» What is needed: Please return the lines, both ends included, that run from the one containing "this 1920×1440 image." to the last line of the data below, exactly and alone.

» Data records:

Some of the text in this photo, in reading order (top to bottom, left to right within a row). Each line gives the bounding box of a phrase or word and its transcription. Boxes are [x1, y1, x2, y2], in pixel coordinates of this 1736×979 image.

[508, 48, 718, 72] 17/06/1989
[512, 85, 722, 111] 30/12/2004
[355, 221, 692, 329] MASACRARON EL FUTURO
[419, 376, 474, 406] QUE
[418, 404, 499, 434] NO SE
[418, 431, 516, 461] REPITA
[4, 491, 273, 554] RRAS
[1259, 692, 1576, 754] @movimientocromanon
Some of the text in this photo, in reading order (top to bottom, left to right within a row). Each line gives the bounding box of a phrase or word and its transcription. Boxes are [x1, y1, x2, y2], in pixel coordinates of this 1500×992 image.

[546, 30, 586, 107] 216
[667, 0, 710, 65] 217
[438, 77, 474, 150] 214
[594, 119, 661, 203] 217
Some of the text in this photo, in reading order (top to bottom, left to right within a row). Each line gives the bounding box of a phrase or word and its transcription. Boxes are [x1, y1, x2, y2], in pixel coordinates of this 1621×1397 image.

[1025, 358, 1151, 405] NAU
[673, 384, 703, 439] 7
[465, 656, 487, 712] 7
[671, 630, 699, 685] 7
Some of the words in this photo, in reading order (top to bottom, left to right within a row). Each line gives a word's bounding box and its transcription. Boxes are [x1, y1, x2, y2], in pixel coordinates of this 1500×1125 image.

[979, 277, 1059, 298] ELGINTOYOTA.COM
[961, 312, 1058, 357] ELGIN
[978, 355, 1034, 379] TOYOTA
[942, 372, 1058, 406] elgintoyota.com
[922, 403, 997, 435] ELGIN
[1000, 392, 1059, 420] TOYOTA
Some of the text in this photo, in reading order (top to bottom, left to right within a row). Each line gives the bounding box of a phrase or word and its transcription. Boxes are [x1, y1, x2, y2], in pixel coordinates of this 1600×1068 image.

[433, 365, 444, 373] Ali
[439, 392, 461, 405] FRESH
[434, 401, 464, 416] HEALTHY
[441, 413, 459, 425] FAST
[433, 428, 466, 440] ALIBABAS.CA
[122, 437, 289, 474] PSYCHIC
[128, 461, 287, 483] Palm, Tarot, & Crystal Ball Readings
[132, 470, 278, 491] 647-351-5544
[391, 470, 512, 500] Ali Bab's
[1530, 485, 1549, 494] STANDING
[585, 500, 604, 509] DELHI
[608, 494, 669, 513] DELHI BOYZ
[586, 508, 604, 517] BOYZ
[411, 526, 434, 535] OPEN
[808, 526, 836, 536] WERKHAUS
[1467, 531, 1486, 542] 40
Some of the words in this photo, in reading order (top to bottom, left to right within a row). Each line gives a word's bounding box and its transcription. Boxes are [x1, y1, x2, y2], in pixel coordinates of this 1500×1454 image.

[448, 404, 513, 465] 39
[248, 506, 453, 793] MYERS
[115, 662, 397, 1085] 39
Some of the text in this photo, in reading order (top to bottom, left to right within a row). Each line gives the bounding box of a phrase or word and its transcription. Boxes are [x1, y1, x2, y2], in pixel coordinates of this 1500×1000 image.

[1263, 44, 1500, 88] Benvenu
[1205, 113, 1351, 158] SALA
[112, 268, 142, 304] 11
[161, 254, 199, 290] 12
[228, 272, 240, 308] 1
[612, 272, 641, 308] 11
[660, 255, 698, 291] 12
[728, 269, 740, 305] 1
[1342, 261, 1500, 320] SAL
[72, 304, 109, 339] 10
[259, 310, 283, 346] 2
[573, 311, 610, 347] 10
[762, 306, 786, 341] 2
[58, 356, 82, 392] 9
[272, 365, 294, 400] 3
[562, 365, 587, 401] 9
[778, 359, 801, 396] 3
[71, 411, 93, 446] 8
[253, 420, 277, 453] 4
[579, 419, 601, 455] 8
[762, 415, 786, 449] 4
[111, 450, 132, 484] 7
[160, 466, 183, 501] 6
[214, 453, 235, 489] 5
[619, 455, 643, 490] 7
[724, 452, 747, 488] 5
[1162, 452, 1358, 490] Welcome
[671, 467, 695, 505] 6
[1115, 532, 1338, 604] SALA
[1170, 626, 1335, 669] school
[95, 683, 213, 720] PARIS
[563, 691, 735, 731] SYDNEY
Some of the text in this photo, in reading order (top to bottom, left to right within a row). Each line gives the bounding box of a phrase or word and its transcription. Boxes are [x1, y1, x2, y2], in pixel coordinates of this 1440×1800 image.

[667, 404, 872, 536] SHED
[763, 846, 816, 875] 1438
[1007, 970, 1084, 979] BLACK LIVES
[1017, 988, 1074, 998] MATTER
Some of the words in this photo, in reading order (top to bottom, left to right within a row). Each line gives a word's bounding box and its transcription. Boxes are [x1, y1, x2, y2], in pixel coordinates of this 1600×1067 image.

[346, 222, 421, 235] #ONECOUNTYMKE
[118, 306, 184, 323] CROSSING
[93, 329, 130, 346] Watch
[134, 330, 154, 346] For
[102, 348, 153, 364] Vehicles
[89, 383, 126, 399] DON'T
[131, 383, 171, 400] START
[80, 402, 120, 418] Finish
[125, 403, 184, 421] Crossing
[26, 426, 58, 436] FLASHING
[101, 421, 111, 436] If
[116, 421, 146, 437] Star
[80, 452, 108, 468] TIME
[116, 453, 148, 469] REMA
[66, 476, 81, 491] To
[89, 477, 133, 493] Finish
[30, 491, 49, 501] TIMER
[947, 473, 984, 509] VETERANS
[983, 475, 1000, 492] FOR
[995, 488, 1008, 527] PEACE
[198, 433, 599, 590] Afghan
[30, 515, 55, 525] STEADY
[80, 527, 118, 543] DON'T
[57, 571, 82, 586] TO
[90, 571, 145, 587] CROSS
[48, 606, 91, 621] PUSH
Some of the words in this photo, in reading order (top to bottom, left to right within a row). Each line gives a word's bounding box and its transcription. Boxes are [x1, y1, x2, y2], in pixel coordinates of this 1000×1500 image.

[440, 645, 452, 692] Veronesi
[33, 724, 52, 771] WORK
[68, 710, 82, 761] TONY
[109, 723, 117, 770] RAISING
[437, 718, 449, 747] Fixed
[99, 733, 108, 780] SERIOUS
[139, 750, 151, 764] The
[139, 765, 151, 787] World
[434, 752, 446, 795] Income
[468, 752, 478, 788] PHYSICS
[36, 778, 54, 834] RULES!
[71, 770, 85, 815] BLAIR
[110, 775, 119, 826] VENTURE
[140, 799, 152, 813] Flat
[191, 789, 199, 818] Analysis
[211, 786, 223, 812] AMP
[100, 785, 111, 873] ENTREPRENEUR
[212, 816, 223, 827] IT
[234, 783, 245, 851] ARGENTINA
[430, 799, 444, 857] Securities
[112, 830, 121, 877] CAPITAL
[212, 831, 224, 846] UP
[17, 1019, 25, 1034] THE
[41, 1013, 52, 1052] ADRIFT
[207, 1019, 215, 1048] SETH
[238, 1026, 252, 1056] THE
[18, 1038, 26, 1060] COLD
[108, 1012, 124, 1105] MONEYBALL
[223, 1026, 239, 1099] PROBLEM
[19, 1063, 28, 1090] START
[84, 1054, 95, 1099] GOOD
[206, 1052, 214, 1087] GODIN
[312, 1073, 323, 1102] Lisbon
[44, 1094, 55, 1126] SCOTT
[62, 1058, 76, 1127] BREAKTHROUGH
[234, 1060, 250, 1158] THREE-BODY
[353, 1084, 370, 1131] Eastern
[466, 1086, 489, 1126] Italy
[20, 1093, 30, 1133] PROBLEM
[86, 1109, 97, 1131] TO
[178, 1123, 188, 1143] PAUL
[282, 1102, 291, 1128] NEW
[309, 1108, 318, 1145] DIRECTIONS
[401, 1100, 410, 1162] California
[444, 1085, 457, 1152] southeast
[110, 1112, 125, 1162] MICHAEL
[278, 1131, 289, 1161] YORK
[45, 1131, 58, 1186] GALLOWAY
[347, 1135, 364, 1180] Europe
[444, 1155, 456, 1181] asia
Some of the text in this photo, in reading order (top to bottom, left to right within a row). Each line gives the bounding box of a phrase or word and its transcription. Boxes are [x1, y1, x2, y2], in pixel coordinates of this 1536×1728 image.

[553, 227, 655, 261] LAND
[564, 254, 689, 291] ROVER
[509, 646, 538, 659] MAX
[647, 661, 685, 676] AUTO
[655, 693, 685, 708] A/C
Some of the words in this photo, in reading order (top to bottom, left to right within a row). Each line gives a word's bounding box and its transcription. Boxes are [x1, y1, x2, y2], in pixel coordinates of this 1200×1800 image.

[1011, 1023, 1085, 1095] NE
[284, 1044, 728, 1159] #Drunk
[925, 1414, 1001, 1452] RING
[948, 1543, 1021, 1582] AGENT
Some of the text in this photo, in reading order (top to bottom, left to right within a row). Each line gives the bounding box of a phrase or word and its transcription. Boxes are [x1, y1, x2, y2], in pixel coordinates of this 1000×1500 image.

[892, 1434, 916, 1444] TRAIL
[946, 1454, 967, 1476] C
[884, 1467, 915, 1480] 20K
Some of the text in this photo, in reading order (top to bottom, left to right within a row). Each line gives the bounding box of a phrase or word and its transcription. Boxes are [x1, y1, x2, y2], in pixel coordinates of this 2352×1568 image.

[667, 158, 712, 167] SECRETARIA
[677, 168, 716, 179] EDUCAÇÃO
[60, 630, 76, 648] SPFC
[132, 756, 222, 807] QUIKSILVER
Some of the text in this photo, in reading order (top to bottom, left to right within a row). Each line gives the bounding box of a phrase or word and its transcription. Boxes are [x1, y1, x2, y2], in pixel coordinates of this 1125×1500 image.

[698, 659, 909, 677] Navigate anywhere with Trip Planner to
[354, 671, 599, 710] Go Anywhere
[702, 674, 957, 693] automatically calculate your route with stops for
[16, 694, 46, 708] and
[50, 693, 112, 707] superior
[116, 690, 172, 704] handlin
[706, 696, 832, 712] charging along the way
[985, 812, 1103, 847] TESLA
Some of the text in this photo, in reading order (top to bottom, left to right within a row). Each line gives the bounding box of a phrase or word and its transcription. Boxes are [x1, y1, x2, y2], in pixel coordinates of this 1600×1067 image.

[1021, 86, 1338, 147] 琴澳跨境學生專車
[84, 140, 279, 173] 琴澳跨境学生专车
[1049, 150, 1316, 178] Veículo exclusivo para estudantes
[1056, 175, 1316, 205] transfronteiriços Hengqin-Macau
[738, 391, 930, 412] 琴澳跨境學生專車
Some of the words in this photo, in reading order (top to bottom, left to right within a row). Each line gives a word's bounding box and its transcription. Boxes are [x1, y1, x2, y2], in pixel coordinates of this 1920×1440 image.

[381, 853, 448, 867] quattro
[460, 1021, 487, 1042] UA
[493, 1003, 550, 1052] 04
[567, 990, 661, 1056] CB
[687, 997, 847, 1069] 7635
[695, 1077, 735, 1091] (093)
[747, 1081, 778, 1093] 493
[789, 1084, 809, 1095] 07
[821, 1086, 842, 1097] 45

» Result for this task:
Some of the words in this photo, in reading order (top to bottom, left to right within a row). Each line gives a word's bounding box and its transcription. Boxes are [x1, y1, x2, y2], in pixel coordinates of this 1920×1440 image.

[381, 853, 448, 867] quattro
[460, 1021, 487, 1042] UA
[493, 1003, 550, 1052] 04
[567, 990, 661, 1056] CB
[687, 997, 847, 1069] 7635
[695, 1077, 735, 1091] (093)
[747, 1081, 778, 1093] 493
[789, 1084, 809, 1095] 07
[821, 1086, 842, 1097] 45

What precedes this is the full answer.